Things like bad default values, no tooltips, an no curated model list to one-click download is what separates a tool like Oobabooga from a paid commercial product. These things require time/money and it would be very unlikely that an open source tool could find resources for all the testing and R&D.

I think there is a big market for products where you pay and can just start chatting with the model without having to ever go to the settings tab or google anything unless you need to do something out of the ordinary.


What I want is even simpler: just an API that you make requests to and receive answers back. Surprisingly hard to find, outside OpenAI that is.


We’re trying to do this at https://openrouter.ai


https://gradient.ai/ is doing that with llama2


Looks really promising. I wonder if the similar pricing to OpenAI means that Gradient is also(?) bleeding money even if they get a good customer base. Or are these prices sustainable over time?

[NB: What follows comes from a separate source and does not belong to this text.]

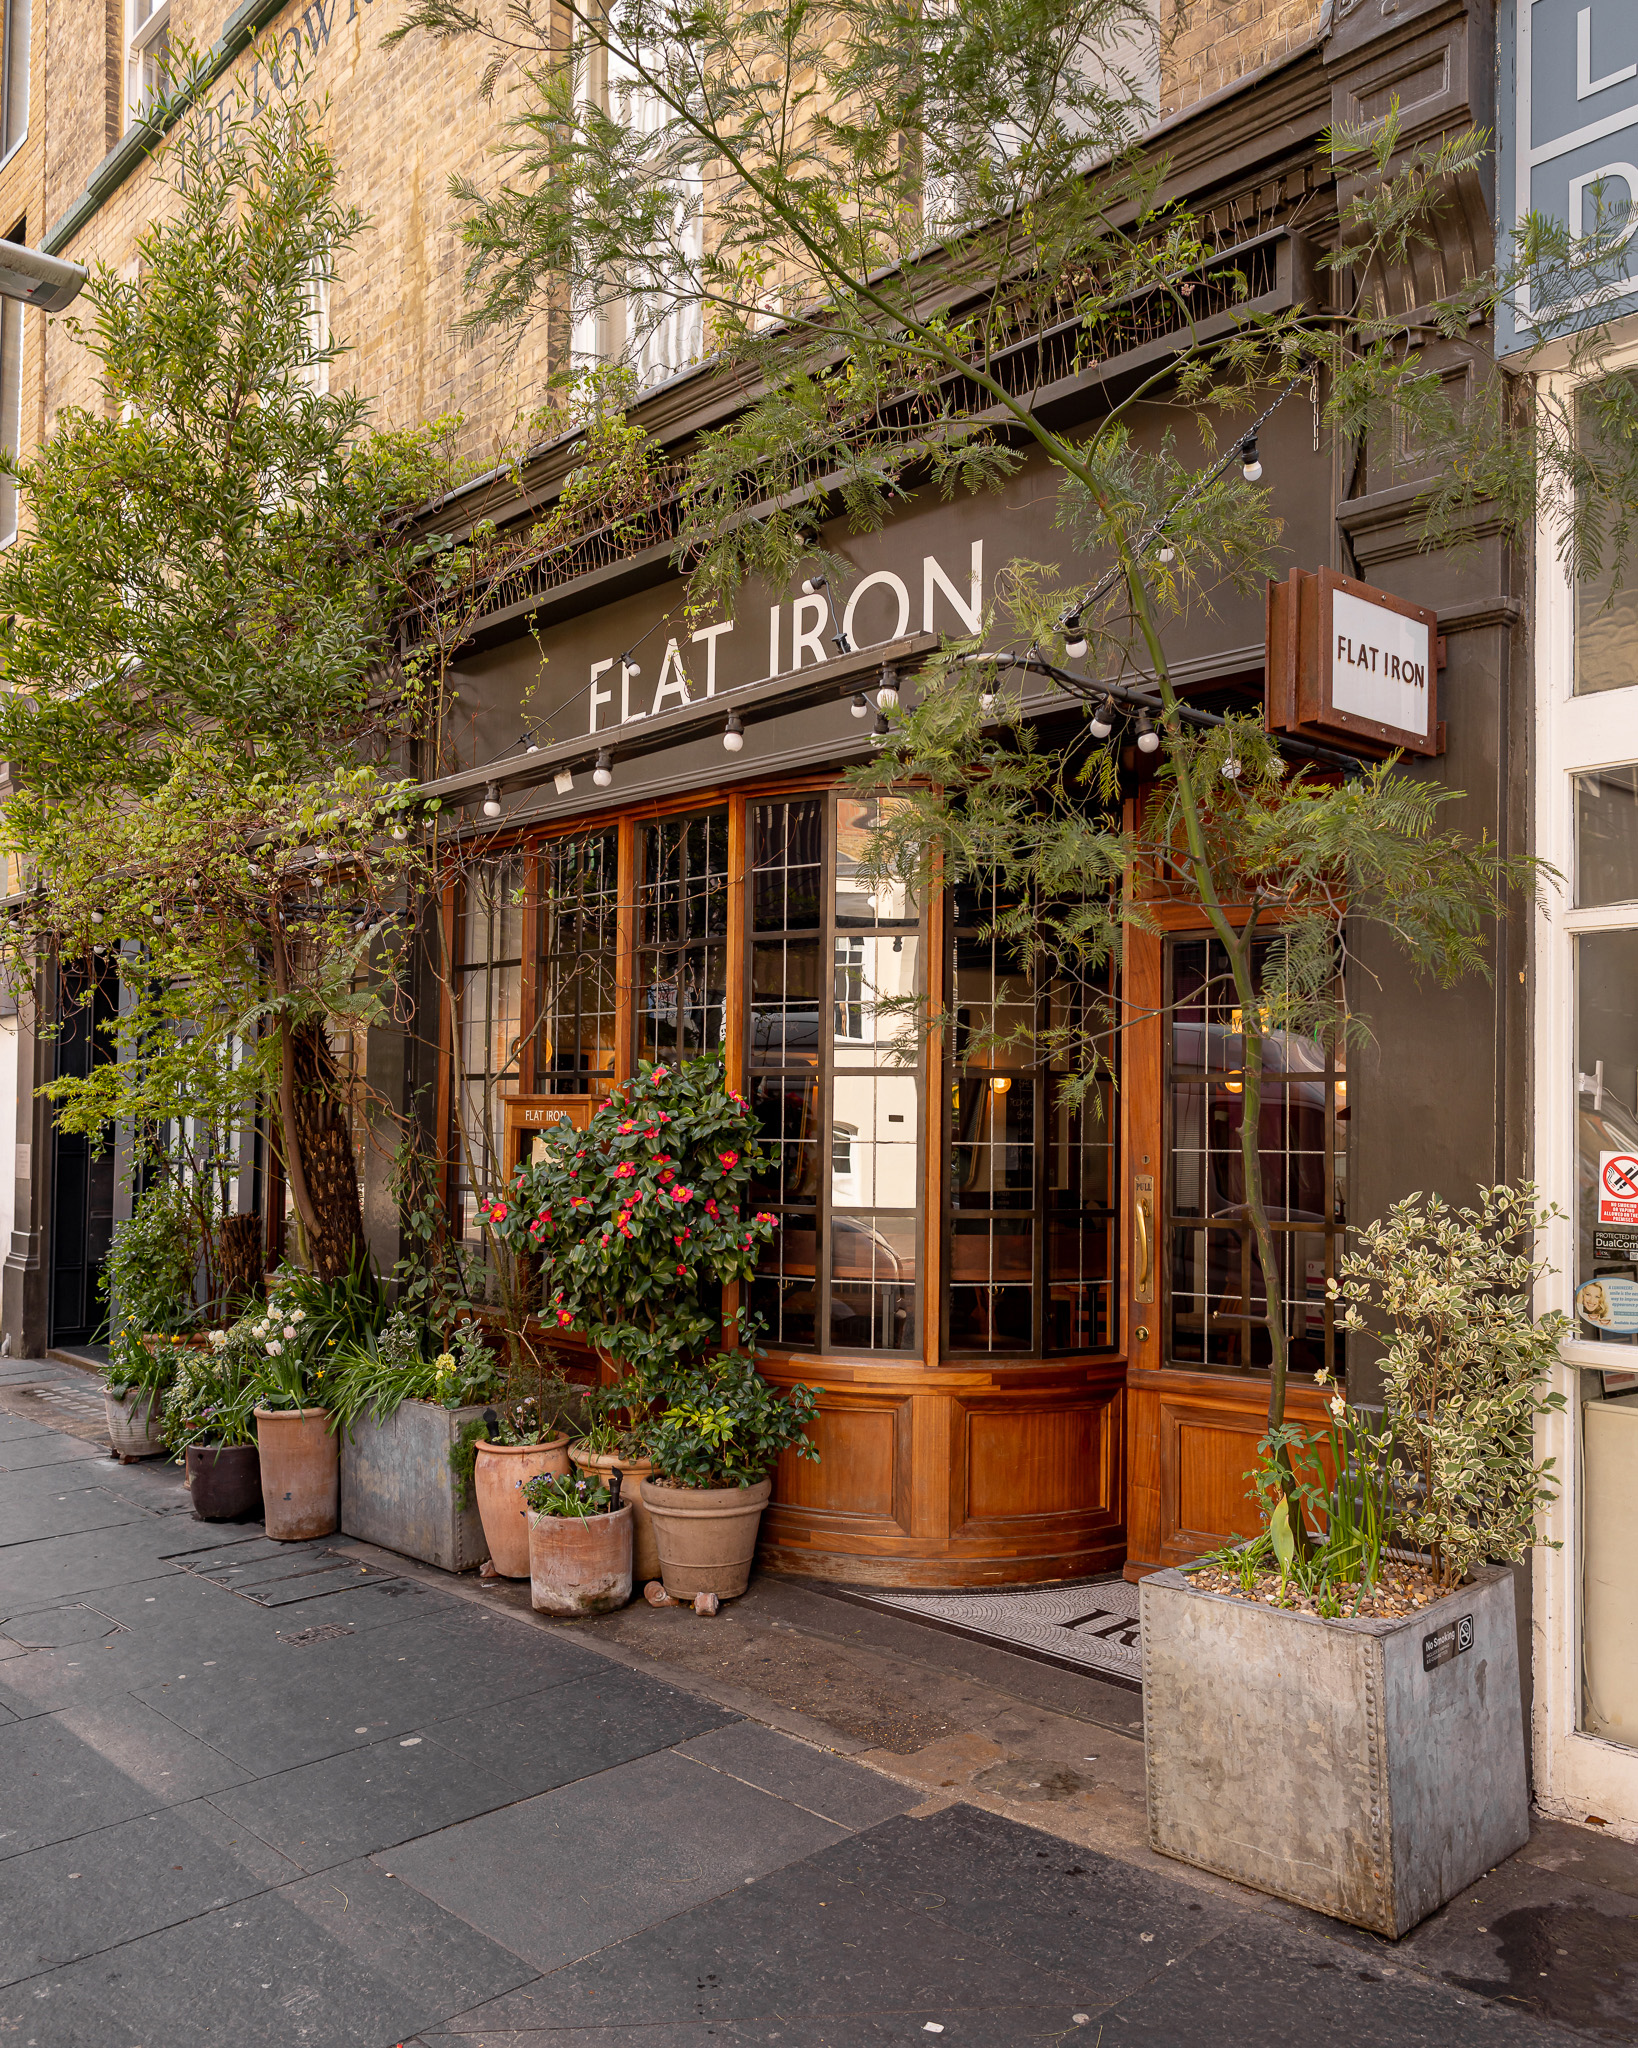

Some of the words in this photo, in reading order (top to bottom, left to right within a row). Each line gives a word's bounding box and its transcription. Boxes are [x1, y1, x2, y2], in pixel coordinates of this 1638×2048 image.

Good question, esp as Gradient fine-tuning is so much cheaper than Open AI's


Yeah it's even cheaper. Although it looks like it's about the same in proportion to approx model size/expected quality? They haven't launched any >13B model yet, although they plan to.


I'm not into open source LLMs in the slightest, and yet even I've trivially found tools to do what both you and the poster above you wanted

lmstudio actually does what both of you want: provides an easy GUI and serves up your model over a local endpoint that mirrors the OpenAI API.

There's just too much noise in terms of the tooling for LLMs, the solution is fewer higher quality solutions, not more solutions


Oobabooga exposes an API.


We are doing this with https://Faraday.dev - would love to chat more - my email is on my profile!


You want a polished product and something that can run all sorts of different models. I don't know that both are possible at the same time.


we're going in this direction for code models with Refact https://github.com/smallcloudai/refact/ - right now you self-host code models, fine-tune them on local files, get the model running locally inside your IDE


I’ve used llama.cpp easily for some local things, but it does lack a good ui.